* EXERCISE DETAILS
Output what the records say, word for word, with no images.

* PROVIDED RECORDS
======

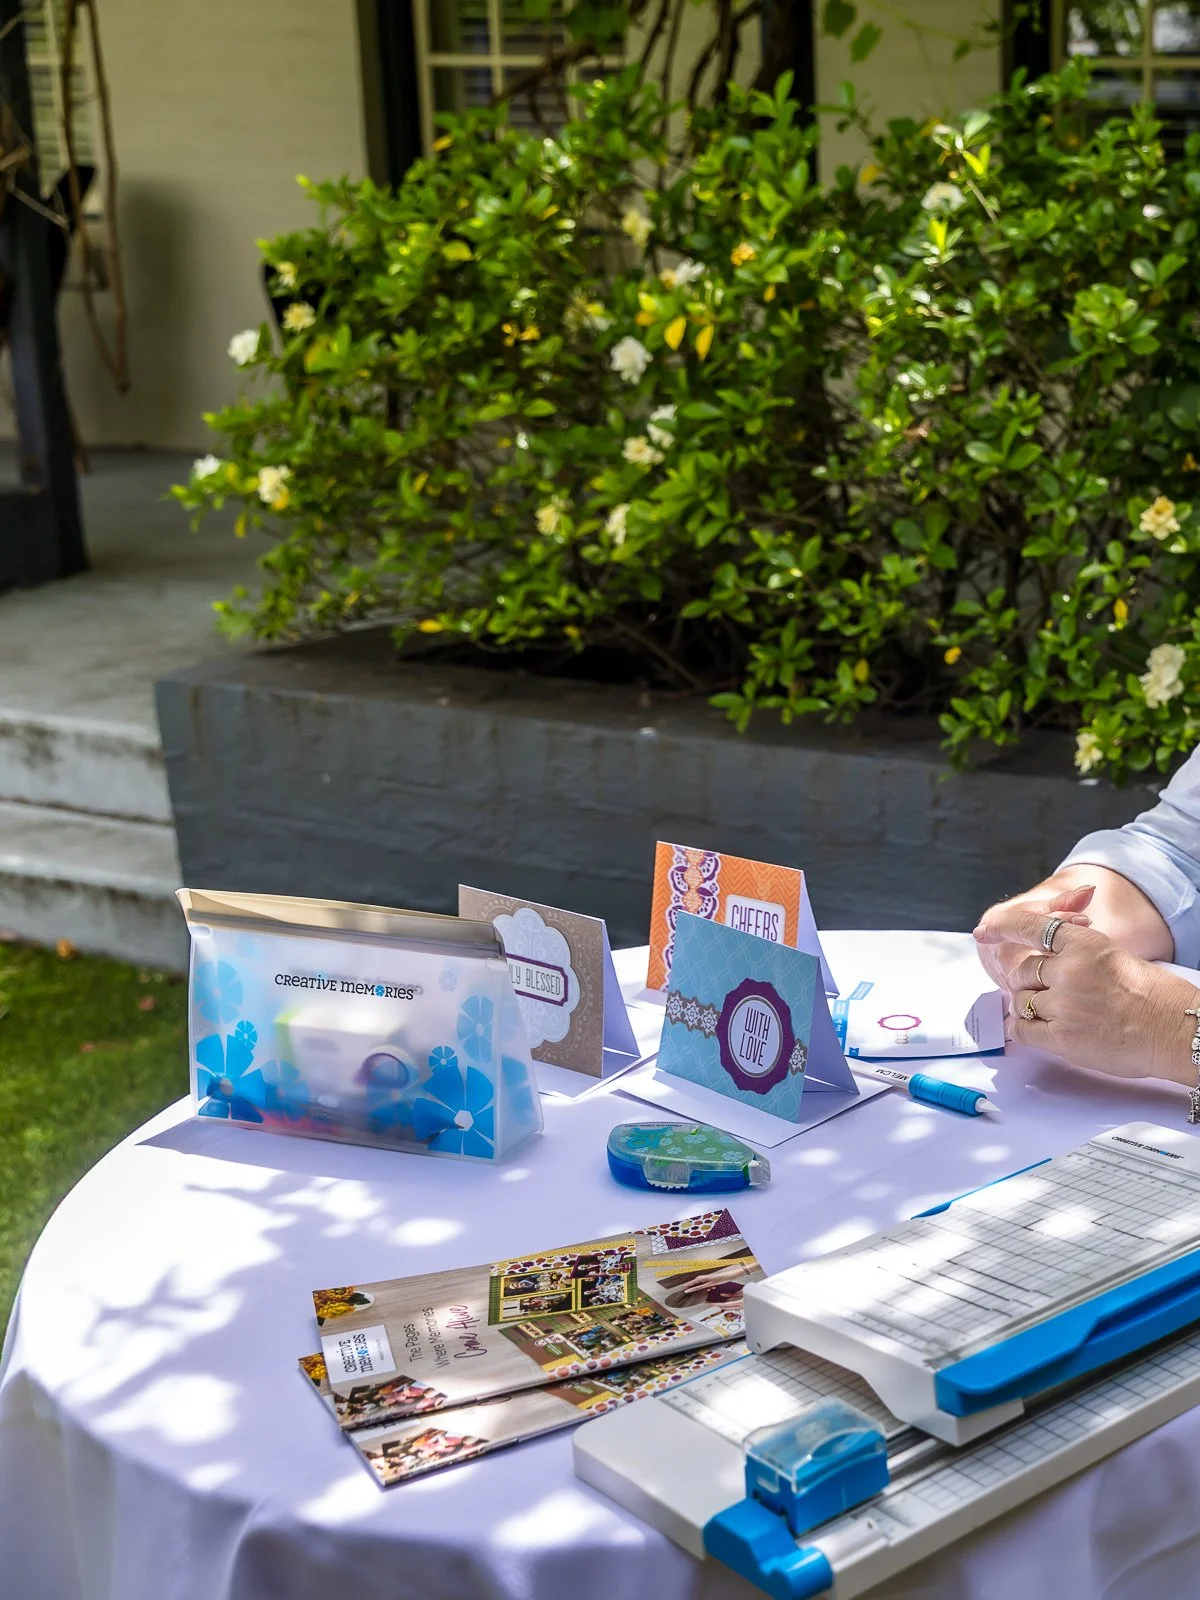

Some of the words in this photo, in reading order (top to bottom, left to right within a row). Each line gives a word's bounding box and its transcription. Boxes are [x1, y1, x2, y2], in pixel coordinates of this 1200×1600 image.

[731, 904, 779, 941] CHEERS
[526, 968, 560, 996] BLESSED
[745, 1007, 771, 1040] WITH
[739, 1032, 767, 1067] LOVE
[422, 1307, 443, 1344] Memories
[446, 1304, 480, 1330] Alive
[403, 1323, 420, 1348] Pages
[453, 1332, 488, 1359] Come
[409, 1347, 424, 1363] The
[433, 1343, 450, 1368] Where

======

* PROBLEM SOLUTION
Some of the words in this photo, in reading order (top to bottom, left to right within a row). Each line gives a word's bounding box and its transcription. Boxes are [x1, y1, x2, y2], in pixel coordinates of this 1200×1600 image.

[731, 904, 779, 941] CHEERS
[526, 968, 560, 996] BLESSED
[745, 1007, 771, 1040] WITH
[739, 1032, 767, 1067] LOVE
[422, 1307, 443, 1344] Memories
[446, 1304, 480, 1330] Alive
[403, 1323, 420, 1348] Pages
[453, 1332, 488, 1359] Come
[409, 1347, 424, 1363] The
[433, 1343, 450, 1368] Where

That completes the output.